As Nintendo’s Japanese development teams have never been known for their
ability to stick to release schedules, the company’s third-party rosters have
remained bare and its management has remained dogmatically fixated upon silicon
chips as its sole means of profit, Nintendo’s problems have set the stage for a
truly interesting set of negotiations come this E3.

To sum up, readers need to understand that decisions and relationships made
early in the design process of a new console can dictate a company’s standing
in the industry for the following five years.

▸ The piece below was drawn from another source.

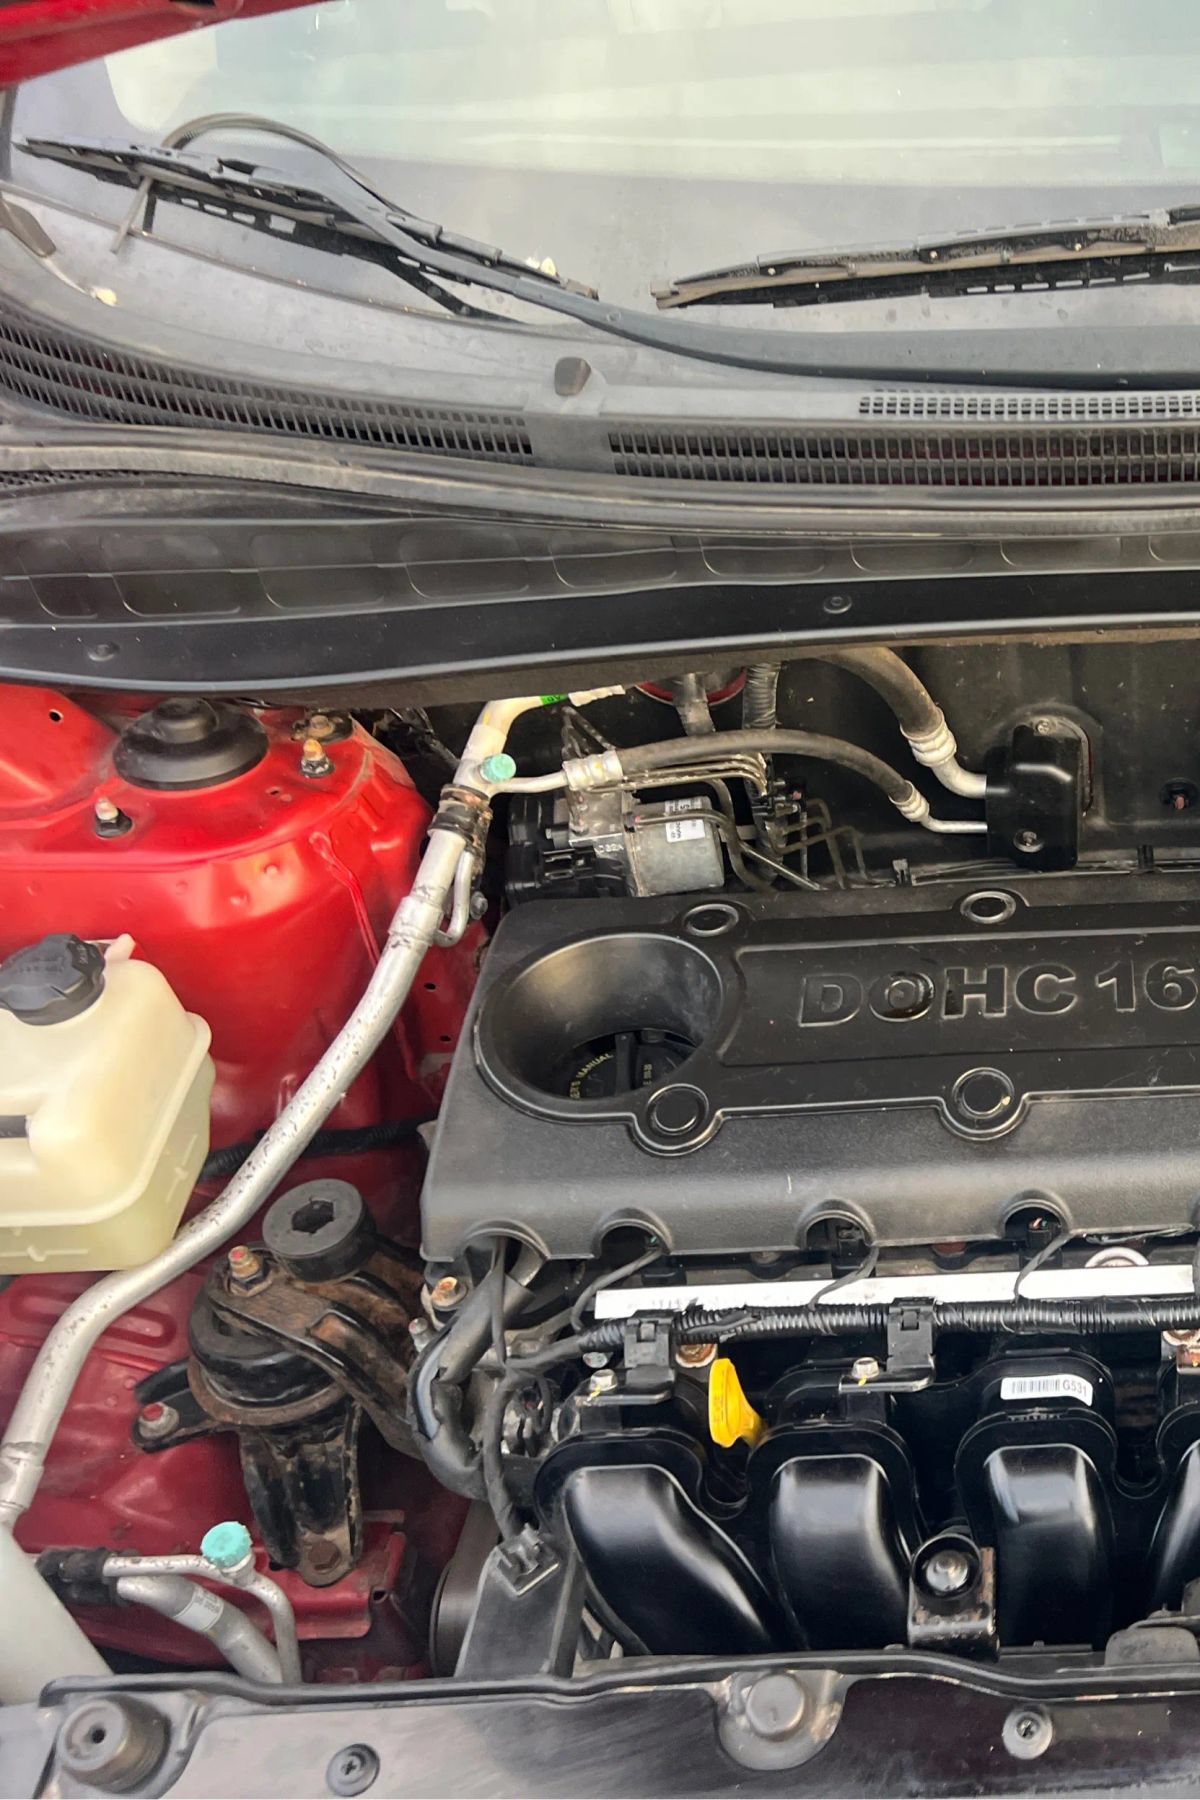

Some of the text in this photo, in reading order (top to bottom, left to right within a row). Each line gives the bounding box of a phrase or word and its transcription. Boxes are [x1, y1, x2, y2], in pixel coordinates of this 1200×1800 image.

Ripple effects from these
decisions can be felt in a company’s bottom line can be felt for even longer.
Nintendo has found itself in the unenviable position of being without an
established partner and with the clock ticking down. If Nintendo should
choose to go with ArtX (assuming it’s able to fight off SGI’s lawsuit), it will
need to complete a chip design is an extremely short period of time. If it
doesn’t go with ArtX, Nintendo will have to find a technology that is already
suited to the console market or one that can readily be changed to suit a
similar purpose. Either way, at this point the chances of Nintendo hitting its
desired 2000 release with a new system are extremely slim.

Next Generation Online will be first as always with the latest information on
this matter, as soon as it breaks.

--------------------------------------------------------------------------
------

So, what are you feelings about the future of Nintendo? Exactly where did they
go wrong after the completion of Nintendo 64? Perhaps Nintendo 64 IS where
they went wrong. Most importantly, what does Nintendo need to do to dig
themselves out of this hole? Maybe some of you even want to see them suffer a
little bit. I personally would miss some of the great games that will never see
the light of day if Nintendo doesn’t get it’s act together. Their
utter reliance on cartridges may yet prove to be their undoing. Nintendo, wake
up and go with the DVD/CD-Rom solution. I’m certain you can find creative ways
to make up for the loss of cartridge manufacturing fees.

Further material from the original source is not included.